Given the often self-contradicting comments attending Francis Ford Coppola’s late-career magnum opus since its premiere at Cannes last year, it’s difficult to determine if anyone thinks it’s a movie with “appeal.” Though not nearly as long as it could have been, the movie’s multiple storylines and complex themes makes the two-hour-plus running time feel like a chore, even for arthouse freaks. The general opinion is that it’s good in that it’s ambitious and well-made, but hardly a classic in the way one might think a Coppola late-career magnum opus should be. Though no one expects another Godfather or Apocalypse Now, Coppola has made some good movies since the 70s, and this comes across as merely a huge project without many elements that stick in the imagination.
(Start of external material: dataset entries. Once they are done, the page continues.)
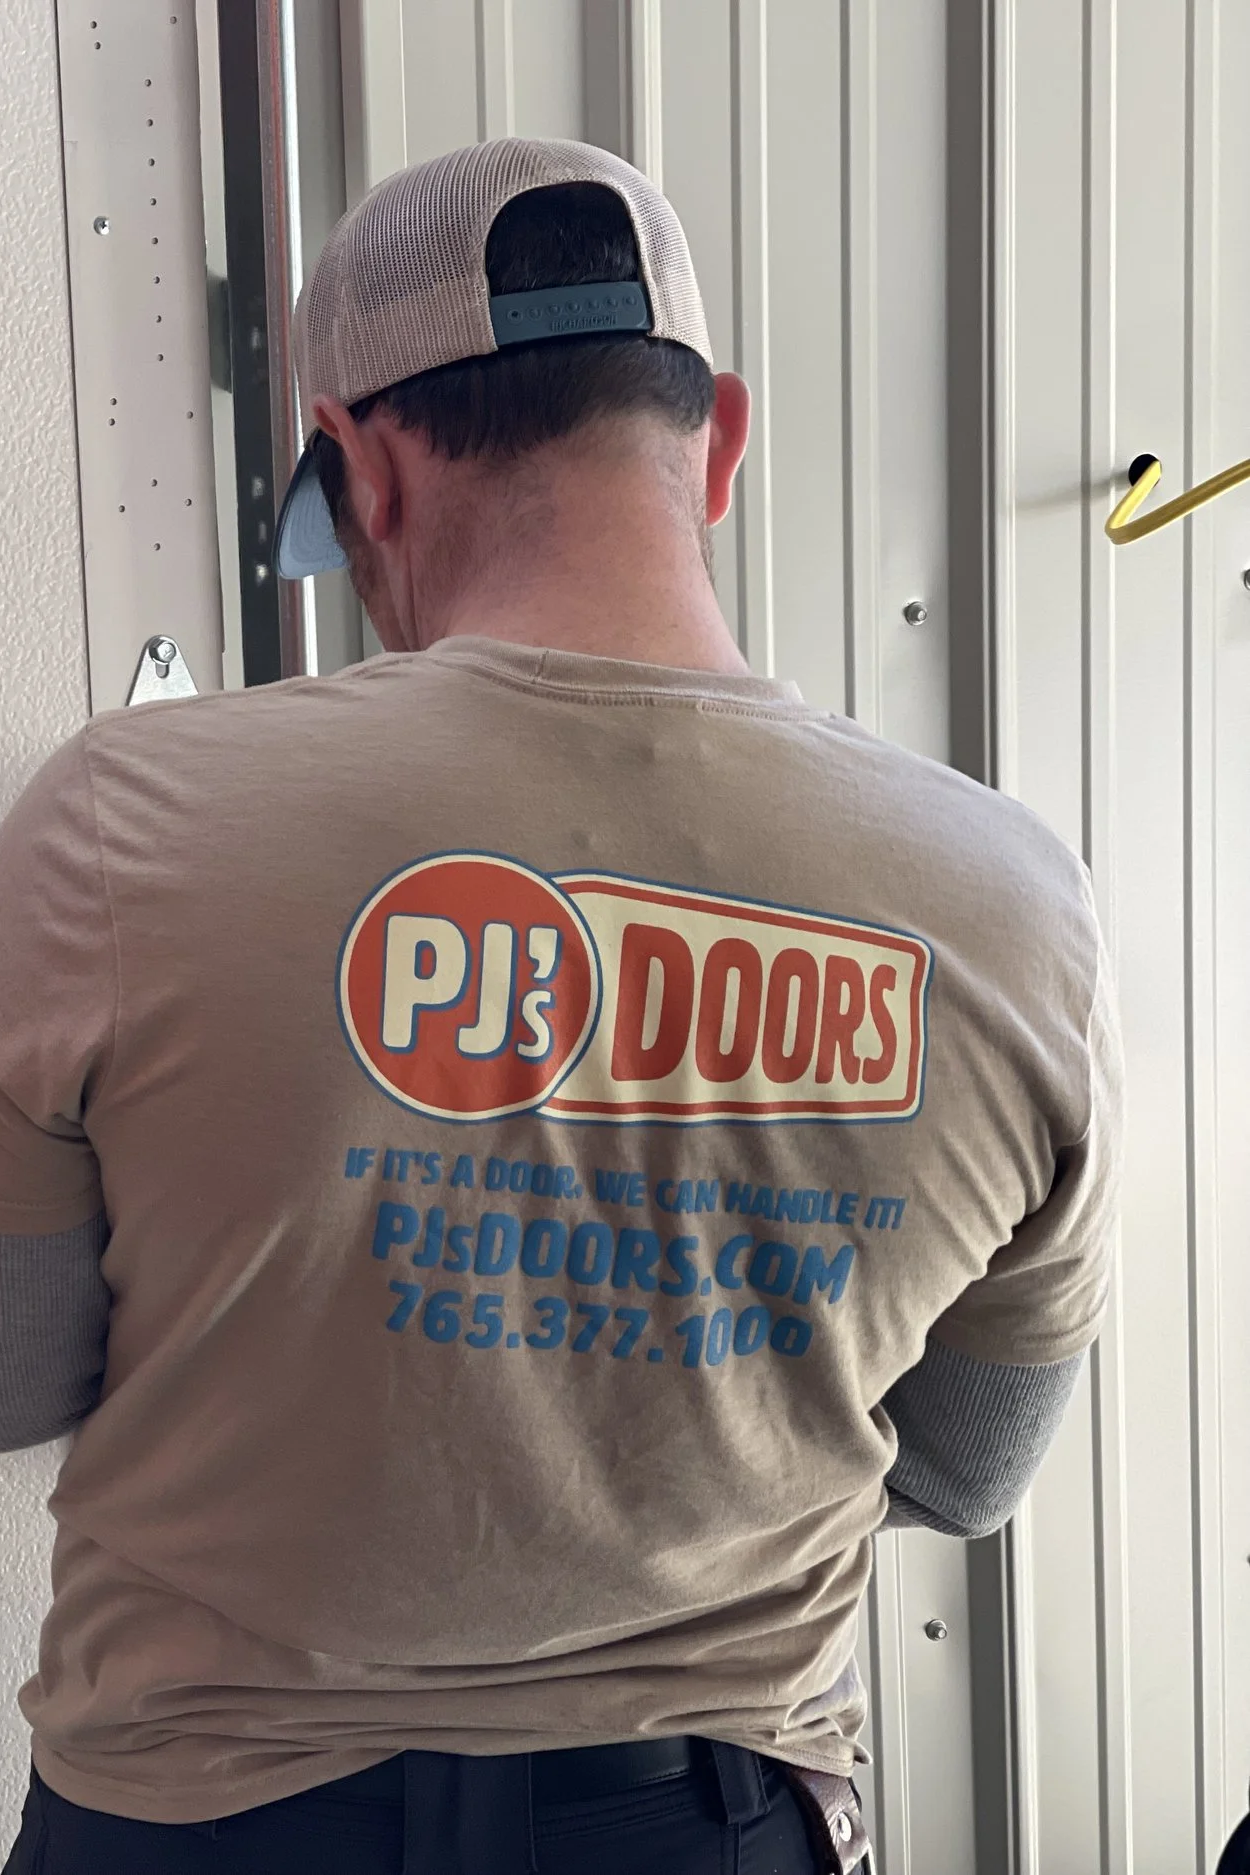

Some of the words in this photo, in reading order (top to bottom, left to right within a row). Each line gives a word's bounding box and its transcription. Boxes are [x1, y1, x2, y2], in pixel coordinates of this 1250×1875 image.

[610, 922, 897, 1085] DOORS
[345, 1147, 377, 1179] IF
[382, 1148, 442, 1185] IT'S
[450, 1154, 474, 1189] A
[596, 1168, 647, 1207] WE
[655, 1178, 720, 1214] CAN
[725, 1181, 860, 1225] HANDLE
[863, 1196, 907, 1230] IT!
[386, 1280, 814, 1368] 765.377.1000
The central hangup is the fantasy-derived nature of the story. Set in an alternative version of New York called New Rome, the film relies on allegory that is heavily representational right from the start, centered on a Howard Roark-like architect, Cesar Catalina (Adam Driver), whose vision is grand, self-inflating, and at odds with the conventional sensibilities of the powers-that-be, including the mayor, Franklyn Cicero (Giancarlo Esposito), and the city’s reigning billionaire Robert Moses type, Hamilton Crassus III (Jon Voight). Catalina has visions of greatness that he believes mere mortals cannot comprehend and thus is unremitting in his determination to see them realized, but for the most part the obstacles in his way are tabloidy in texture: sex scandals, inter-family squabbles that turn murderous, and pots of money being spilled all over the place. Apropos the city’s name, decadence is the default narrative mode, and each elaborately designed character stands for some facet of civilizational decline. There are plots and subplots that make sense, but they aren’t coordinated so much as attached to pre-existing literary ideas, including bits of Hamlet and pseudo-hippie tracts like Siddhartha. If the big problem is that the establishment doesn’t want to recognize Catalina’s genius, then there has to be better ways to convey that genius than long, grammatically correct soliloquys. 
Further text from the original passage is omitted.